From the capitals study, and especially that on the 263 carvings in the Laon cathedral gallery (ca.1163) James' analysis has redefined the carvers roles and professional relationships, some travel patterns and what appears to be Rites of Passage from Journeyman to Master.

== Therapist, as teacher and practitioner ==
From 1983 James and his wife Hilary studied psychology, both professionally and personally, under a number of teachers, in particular Bhakti Carrisbrooke and [Hal Stone]. They concentrated on Sandplay and created new dynamic techniques that are more Jungian than Freudian. James condensed this into a short book, Notes to Transformation. In 1996 the James's founded The Crucible Centre on a 260-acre property in the Blue Mountains for teaching therapy techniques to students. Three years later James created the first tertiary-accredited Post-Graduate Diploma course in Transpersonal Psychotherapy, from which he wrote The Great Field. After two bushfires the centre was closed in 2016 and, with Hilary, James moved to Brogo on the NSW South Coast.

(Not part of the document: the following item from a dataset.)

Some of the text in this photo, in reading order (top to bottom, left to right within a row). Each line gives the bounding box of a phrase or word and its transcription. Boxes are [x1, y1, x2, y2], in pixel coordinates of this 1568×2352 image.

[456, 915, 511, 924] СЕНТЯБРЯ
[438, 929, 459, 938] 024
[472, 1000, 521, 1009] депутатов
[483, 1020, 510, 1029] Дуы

== Environmental activism ==
Starting with a talk he gave on environmental pollution in Seattle in 1980, James has tried to help people understand the science of Global Warming. Besides many lectures, he formed the Crisis Coalition in 2006, and the Eco Platform in 2015, each with their own websites. He edits a weekly email Newsletter and has often been called to talk on public radio in Australia, the UK and the US. James recognized the impact that climatic change had on the architecture of the twelfth century.

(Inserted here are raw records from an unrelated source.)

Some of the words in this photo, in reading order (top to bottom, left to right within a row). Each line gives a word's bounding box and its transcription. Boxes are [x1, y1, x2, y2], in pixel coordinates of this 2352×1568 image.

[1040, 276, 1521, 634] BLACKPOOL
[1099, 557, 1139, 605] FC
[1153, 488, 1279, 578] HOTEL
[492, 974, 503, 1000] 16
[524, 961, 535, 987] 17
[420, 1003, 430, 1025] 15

His philosophy on life is to "Live life to the fullest, yet remain unattached to the outcome."

==Bibliography==
Books and selected articles by John James:
- James, John (1979–81), The contractors of Chartres, 2 vols., West Grinstead: Wyong.
- James, John (1984), "An investigation into the uneven distribution of churches in the Paris Basin, 1140-1240", Art Bulletin, lxvi, 13–46.
- James, John (1989), The Template-makers of the Paris Basin, West Grinstead: Leura.
- James, John (1990) The master masons of Chartres, Routledge: London, NY, Chartres and Sydney.
- James, John (1992), "Evidence for flying buttresses before 1180", Journal of the Society of Architectural Historians, li, 261–287.
- James, John (1994), Notes to Transformation, West Grinstead: Leura.
- James, John (2002), The Creation of Gothic Architecture - an Illustrated Thesaurus: The Ark of God, vols 1–2, Part A: "The Evolution of Foliate Capitals in the Paris Basin 1170 to 1250", West Grinstead: London and Hartley Vale.
- James, John (2005), "The peaked arch, and the earliest domical rib vaults in the Paris Basin", Avista Forum Journal, xv, 3–7
- James, John (2006) The Creation of Gothic Architecture - an Illustrated Thesaurus: The Ark of God, vol 3: "The Evolution of Foliate Capitals in the Paris Basin: the archaic capitals prior to 1130", West Grinstead: London and Hartley Vale.
- James, John (2007), The Great Field, Soul at play in a conscious universe, Energy Press,
- James, John (2007), In Search of the unknown in medieval architecture, London: Pindar Press.
- James, John (2008), The Creation of Gothic Architecture - an Illustrated Thesaurus: The Ark of God, vols. 4 and 5: "The Evolution of Foliate Capitals in the Paris Basin: the formal capitals 1130 to 1170", West Grinstead: London and Hartley Vale.
- James, John (2014), "Boundaries that delineate periods in art-history between 1090 and 1180" Avista Forum Journal, XXII 23–46.